Exercise details: I'd like the entries repeated exactly, without their pictures.

-*-

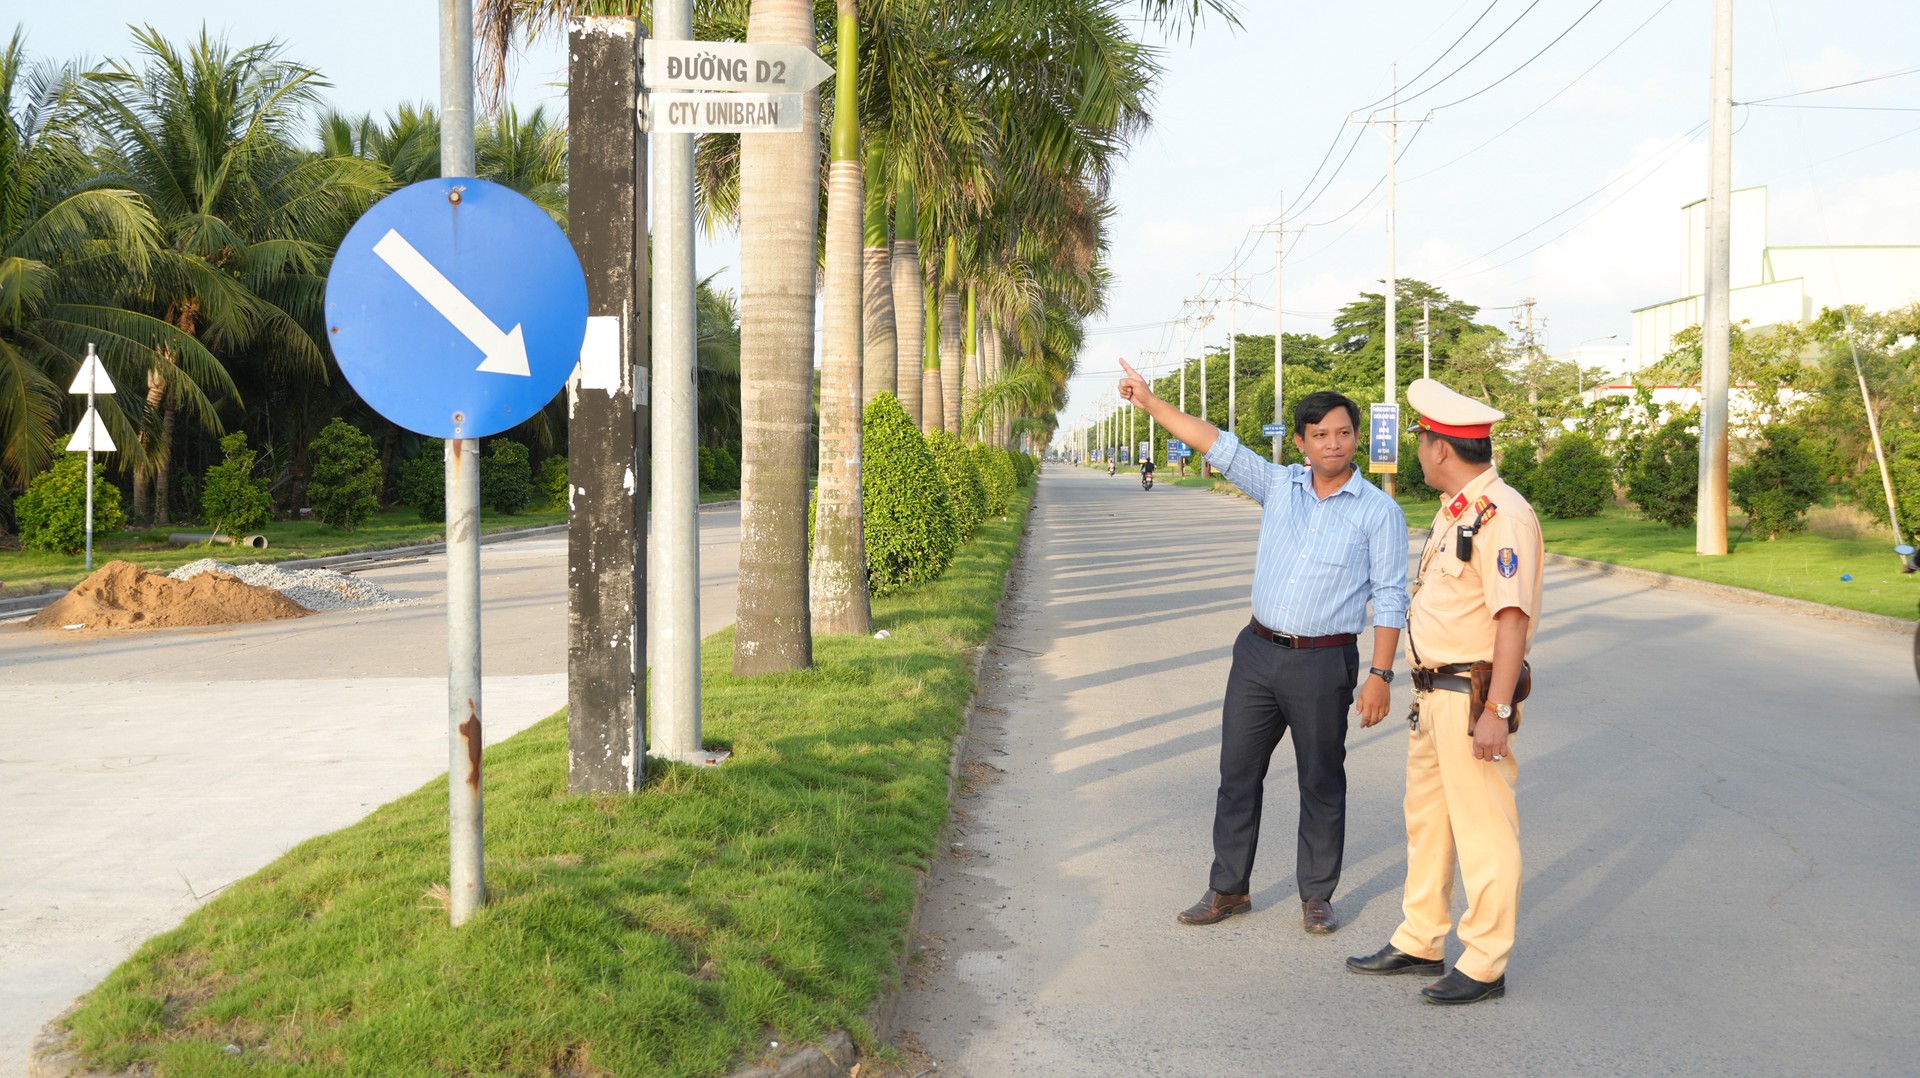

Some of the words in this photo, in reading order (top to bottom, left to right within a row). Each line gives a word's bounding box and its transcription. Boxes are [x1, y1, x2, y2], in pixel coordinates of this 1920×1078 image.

[667, 51, 747, 83] ĐƯỜNG
[756, 60, 786, 84] D2
[668, 102, 700, 125] CTY
[706, 102, 778, 125] UNIBRAN

-*-

Exercise solution:
Some of the words in this photo, in reading order (top to bottom, left to right within a row). Each line gives a word's bounding box and its transcription. Boxes are [x1, y1, x2, y2], in pixel coordinates of this 1920×1078 image.

[667, 51, 747, 83] ĐƯỜNG
[756, 60, 786, 84] D2
[668, 102, 700, 125] CTY
[706, 102, 778, 125] UNIBRAN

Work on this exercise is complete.